(Correction: removes reference to Fidelity UK Smaller Companies fund where Alex Wright did not top up his holding.)
Fidelity star Alex Wright has invested more of his own money in his open-ended Fidelity Special Situations fund but not the Fidelity Special Values investment trust, which says a lot about the fund manager’s conviction that the UK stock market is cheap but also that the investment trust may not be such good value.
In a Fidelity press release last week designed to bolster investor confidence ahead of what could be a difficult ISA season for fund groups, Wright declared:
‘I am struck by the sheer number of stocks across different sectors whose valuations suggest significant asymmetry of risk and reward over the next two to three years. I believe my investment style is well-suited to this environment and I have backed this belief by making a large personal investment into my funds at the end of 2018.’
After the painful stock market sell-off at the end of last year, it was good to see Wright put his money where his mouth was and increase his ‘skin in the game’ alongside his investors. (By the way he remains negative on UK housebuilders because of their high profit margins and wary of retailers but still likes high street banks like Royal Bank of Scotland (RBS).)
Any investors who did the same and topped up battered UK equities at the end of December have probably done well too as the FTSE All-Share index is up nearly 8% since then.
Fidelity wouldn’t disclose how much Wright had invested but, after a question from Citywire, a Fidelity spokesman clarified that the manager had only invested in the Fidelity Special Situations and fund, but not its sister, the Fidelity Special Values (FSV) investment trust.
On the face of it that is strange because in the period of just over five years that Wright has run all three of his funds, Fidelity Special Values is clearly the best performer.
In January 2014 Wright started managing Fidelity Special Situations, the £2.9 billion UK flagship that former Fidelity star Anthony Bolton once ran. Since then it has generated a total return of 34.8%, beating the 31.2% of the FTSE All Share but lagging the 40.6% achieved by the £364 million UK Smaller Companies fund he has run since 2008 and now co-manages with Jonathan Winton.

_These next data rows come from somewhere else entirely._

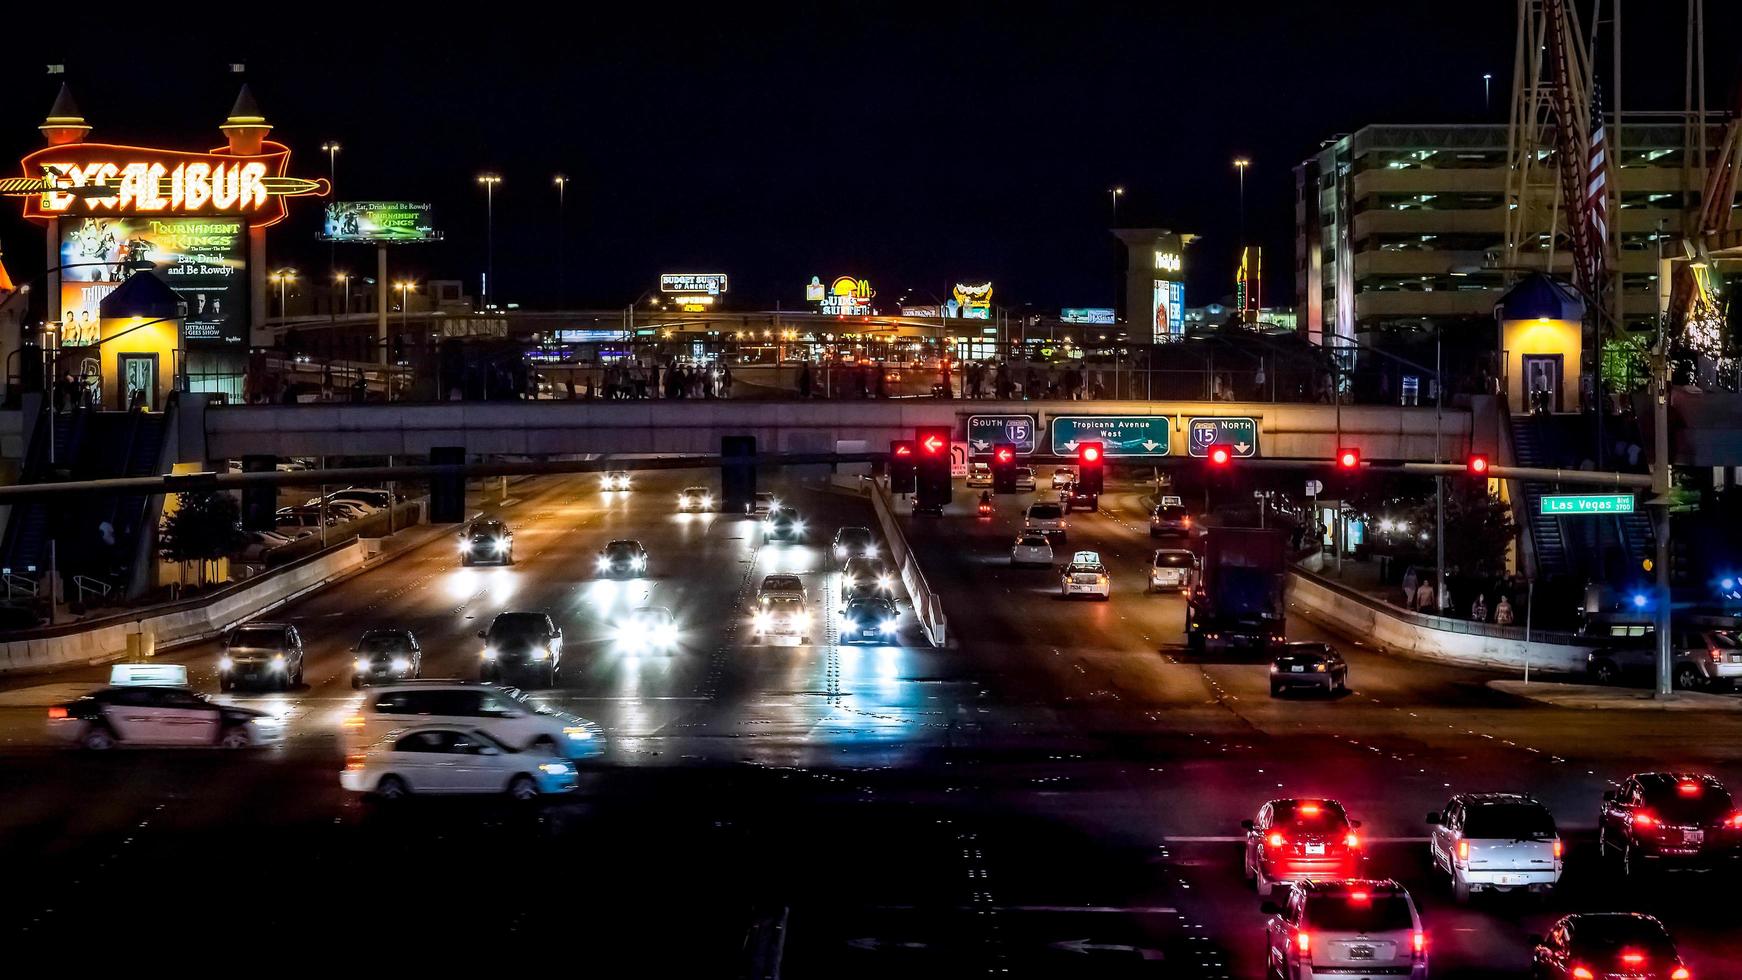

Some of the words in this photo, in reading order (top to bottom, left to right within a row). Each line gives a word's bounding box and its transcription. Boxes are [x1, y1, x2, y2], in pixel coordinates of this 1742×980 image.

[40, 162, 267, 211] EXCALIBUR
[356, 203, 368, 211] Eat,
[409, 203, 431, 211] Rowdy!
[367, 211, 420, 220] TOURNAMENT
[150, 221, 240, 235] TOURNAMENT
[171, 234, 233, 249] KINGS
[178, 254, 195, 265] Eat,
[197, 253, 225, 264] Drink
[167, 265, 184, 275] and
[186, 265, 198, 275] Be
[200, 265, 234, 277] Rowdy!
[684, 281, 710, 290] AMERIC
[973, 419, 1003, 427] SOUTH
[1072, 421, 1115, 429] Tropicana
[1221, 421, 1251, 429] NORTH
[1009, 426, 1026, 439] 15
[1198, 429, 1214, 442] 15
[1551, 500, 1574, 510] Las
[1578, 500, 1612, 512] Vegas

Fidelity Special Values, the £692 million investment trust Wright picked up in 2012, has beaten both, however, with a 61-month total return of 48.5% to the end of January, according to Lipper data.
The outperformance of Special Values over Special Situations is telling as the portfolios are very similar, with a virtually identical list of undervalued companies where Wright believes there is a catalyst for recovery.
Of course, as many readers will know, it’s not unusual for a closed-end investment trust to do better than its open-ended sister fund run by the same manager. In the case of Fidelity Special Values vs Fidelity Special Situations the gap in performance is likely to be almost entirely due to the trust’s ability to gear, or borrow money.
Fidelity Special Values is currently 12% geared which means it has 12% more invested in the stock market than Fidelity Special Situations. While that leverage can hurt returns in the short term if markets are falling, in the long term, assuming markets rise, it is more often a recipe for success.
So why wouldn’t Wright put more money in the trust? (Its 2018 annual report gives no details but confirms that Wright had a stake at the end of last September.) Wouldn’t he want to top that up?
Not necessarily, because of another feature of investment trusts which is that their share prices very often do not reflect exactly the asset value of the investments they hold. Frequently investment trust shares trade at a discount below their net asset value (NAV) or, when they are popular, at a premium above their NAV.
Since the aftermath of the EU referendum shock in June 2016, Fidelity Special Values has moved from a 12% discount – when it was an absolute bargain – to a small 1.7% premium. It now looks a bit expensive compared to the average 3-4% discount of the past three-to-five years, prompting Stifel analyst Anthony Stern to reiterate his ‘negative’ rating of the trust, but not its ‘talented’ manager, last October.
The problem with the current premium is if the shares de-rate and revert to their usual small discount, the trust will underperform the stock market gains Wright hoped to capture.
So although we are big fans of investment trusts at Investment Trust Insider and earlier this month we included Fidelity Special Values as a long-term favourite in our Valentine's Day report, this is an occasion where we have to qualify our love and say that, at the moment if you want to follow Wright and buy the UK stock market just off its lows, his Fidelity Special Situations or Smaller Companies funds may be better ways to do it.